→ **Activity**: Repeat the following entries exactly, excluding pictures.

Top of Task input

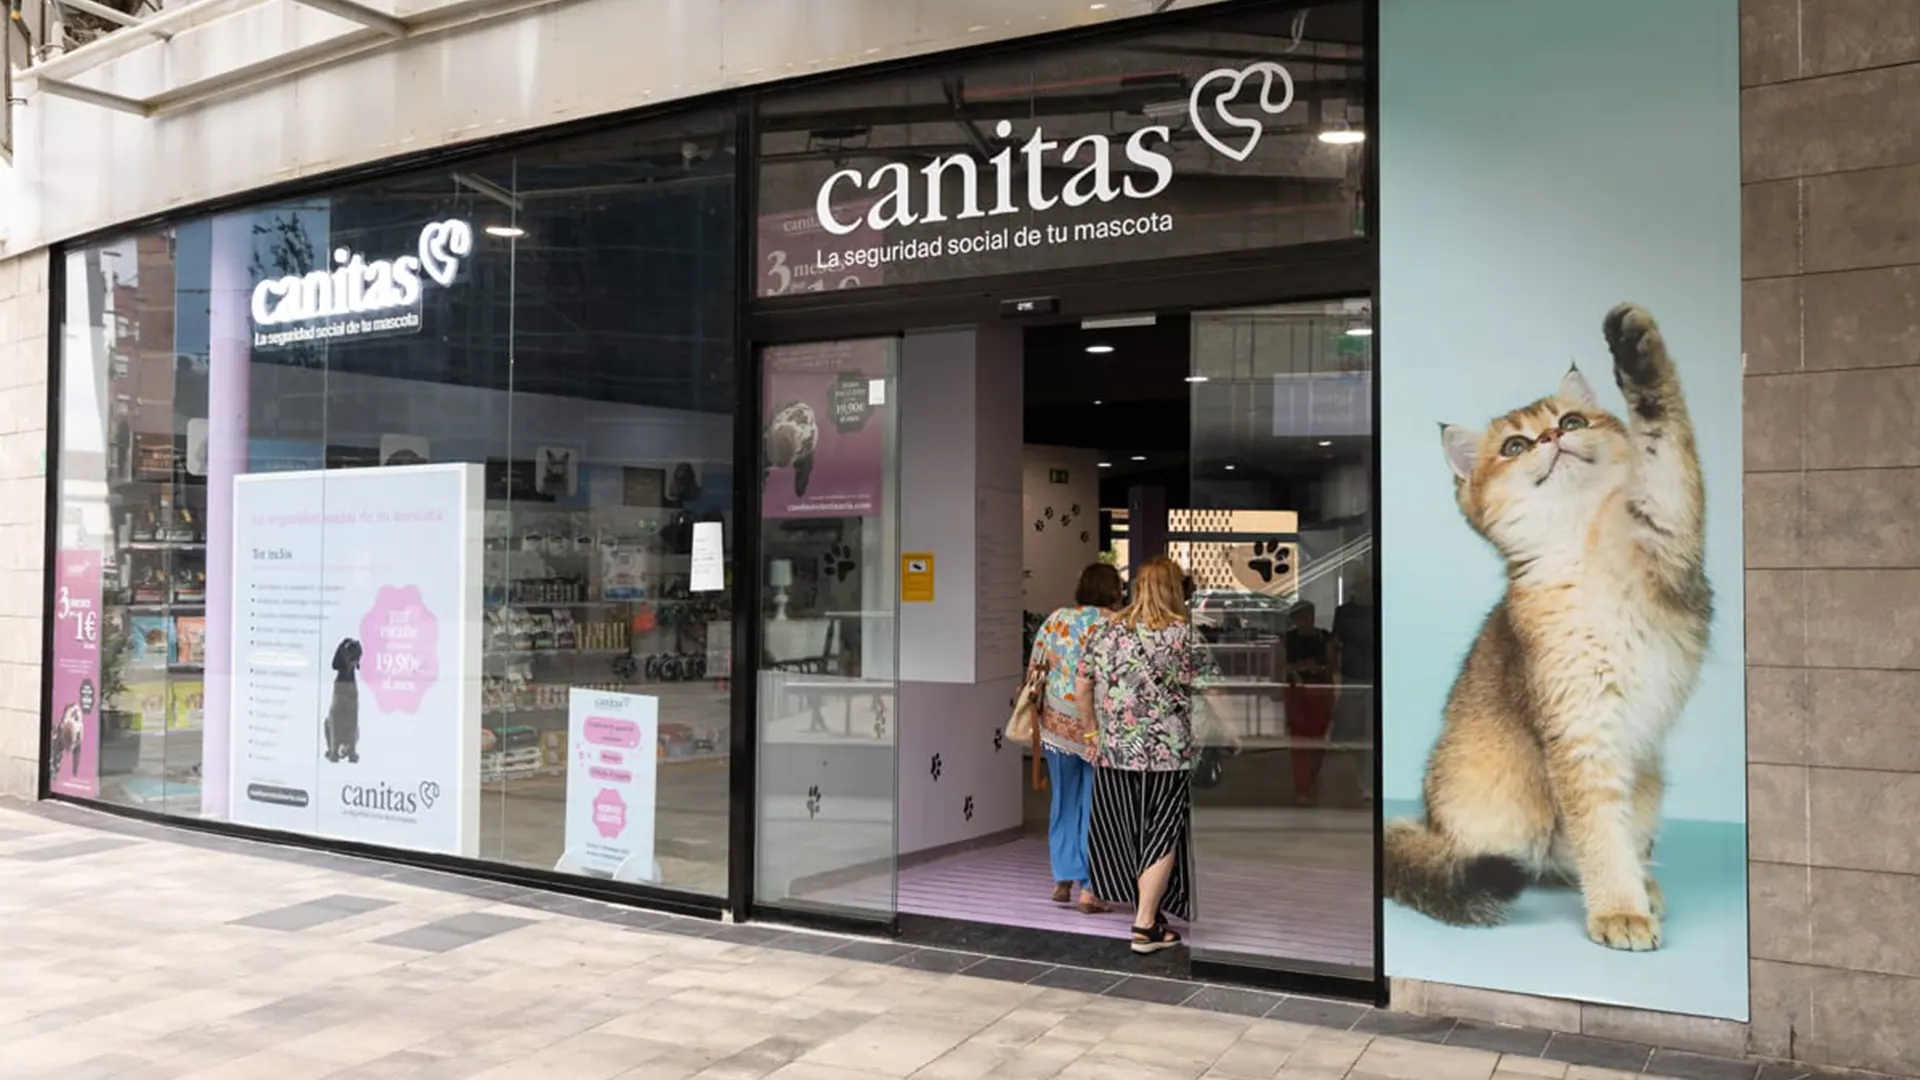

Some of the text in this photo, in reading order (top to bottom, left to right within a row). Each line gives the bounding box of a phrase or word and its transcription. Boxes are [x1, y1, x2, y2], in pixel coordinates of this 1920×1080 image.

[816, 119, 1173, 235] canitas
[817, 212, 1173, 268] La seguridad social de tu mascota
[251, 247, 421, 325] canitas
[767, 250, 791, 297] 3
[255, 313, 419, 346] La seguridad social de tu mascota
[58, 586, 70, 619] 3
[341, 781, 417, 813] canitas
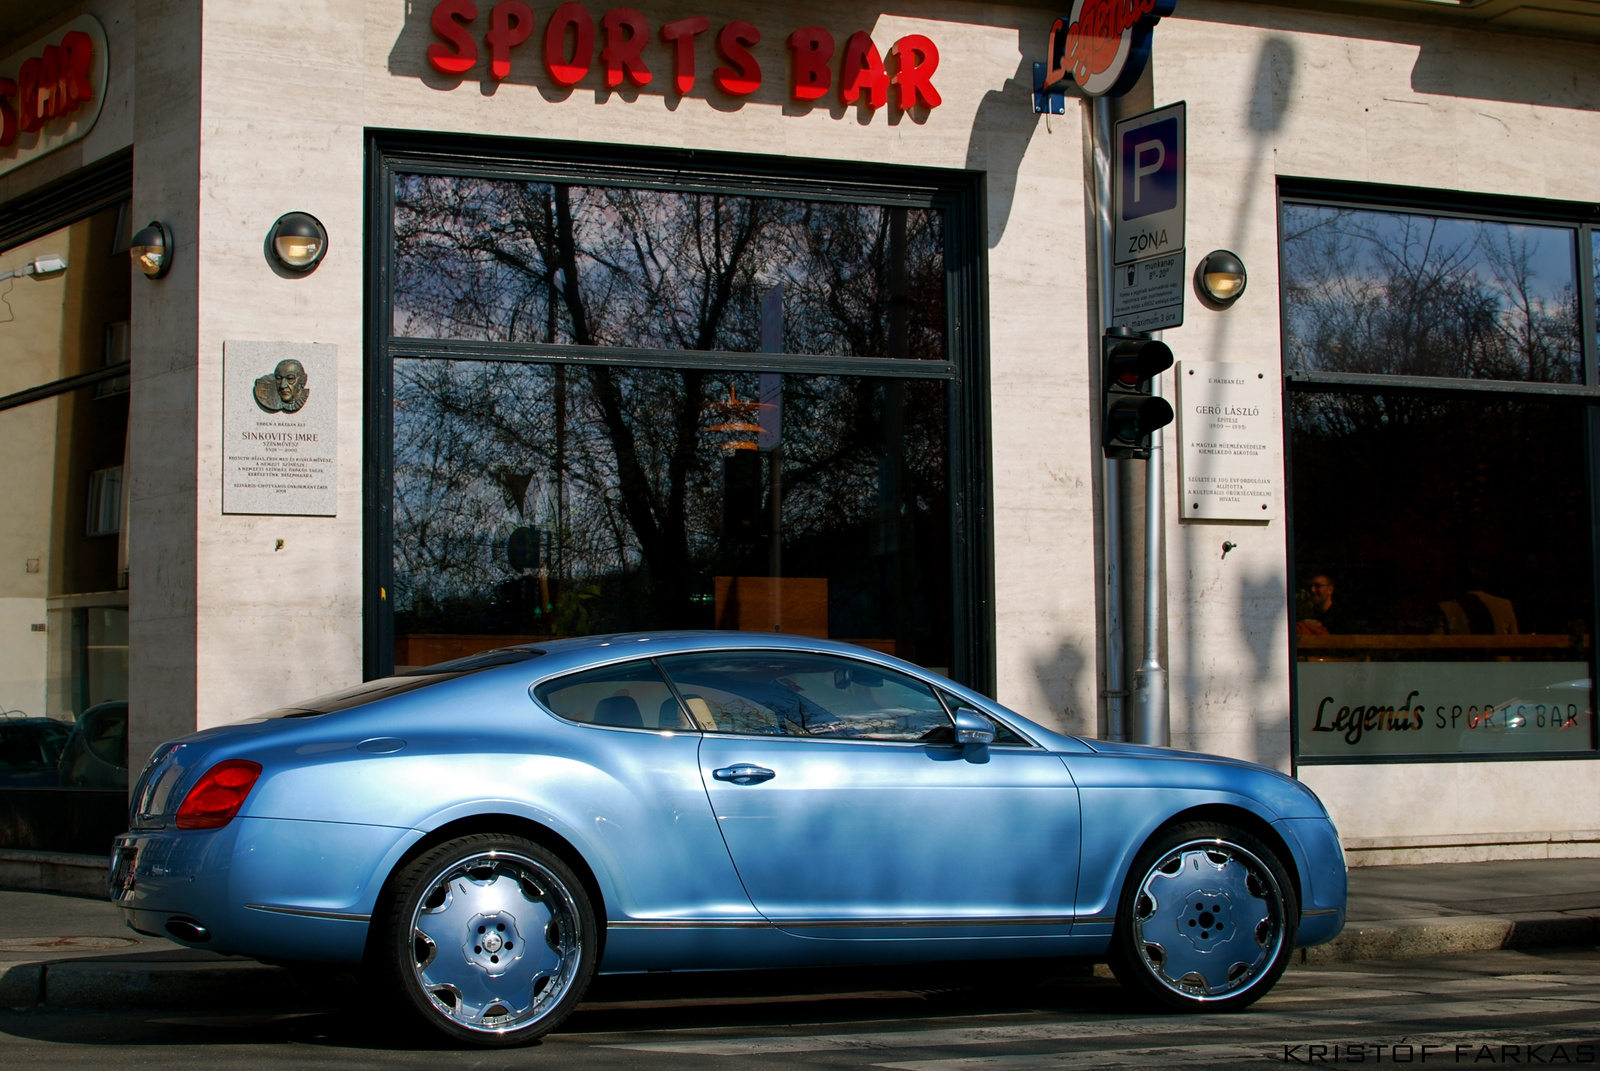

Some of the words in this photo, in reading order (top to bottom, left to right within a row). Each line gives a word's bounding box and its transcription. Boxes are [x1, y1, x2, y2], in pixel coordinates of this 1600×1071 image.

[426, 0, 762, 98] SPORTS
[787, 26, 943, 111] BAR
[1134, 139, 1166, 203] P
[1128, 229, 1168, 254] ZÓNA
[1144, 259, 1175, 271] munkanap
[1131, 316, 1159, 328] maximum
[1160, 314, 1165, 322] 3
[1165, 312, 1176, 321] óra
[1195, 404, 1221, 415] GERŐ
[1224, 405, 1259, 416] LÁSZLÓ
[242, 432, 293, 441] SINKOVITS
[295, 433, 319, 442] IMRE
[1311, 689, 1425, 746] Legends
[1435, 703, 1527, 730] SPORTS
[1535, 703, 1580, 730] BAR

Bottom of Task input

→ **Result of the task**:
Some of the text in this photo, in reading order (top to bottom, left to right within a row). Each line gives the bounding box of a phrase or word and its transcription. Boxes are [x1, y1, x2, y2], in pixel coordinates of this 1920×1080 image.

[816, 119, 1173, 235] canitas
[817, 212, 1173, 268] La seguridad social de tu mascota
[251, 247, 421, 325] canitas
[767, 250, 791, 297] 3
[255, 313, 419, 346] La seguridad social de tu mascota
[58, 586, 70, 619] 3
[341, 781, 417, 813] canitas

Some of the words in this photo, in reading order (top to bottom, left to right within a row). Each line gives a word's bounding box and its transcription. Boxes are [x1, y1, x2, y2], in pixel coordinates of this 1600×1071 image.

[426, 0, 762, 98] SPORTS
[787, 26, 943, 111] BAR
[1134, 139, 1166, 203] P
[1128, 229, 1168, 254] ZÓNA
[1144, 259, 1175, 271] munkanap
[1131, 316, 1159, 328] maximum
[1160, 314, 1165, 322] 3
[1165, 312, 1176, 321] óra
[1195, 404, 1221, 415] GERŐ
[1224, 405, 1259, 416] LÁSZLÓ
[242, 432, 293, 441] SINKOVITS
[295, 433, 319, 442] IMRE
[1311, 689, 1425, 746] Legends
[1435, 703, 1527, 730] SPORTS
[1535, 703, 1580, 730] BAR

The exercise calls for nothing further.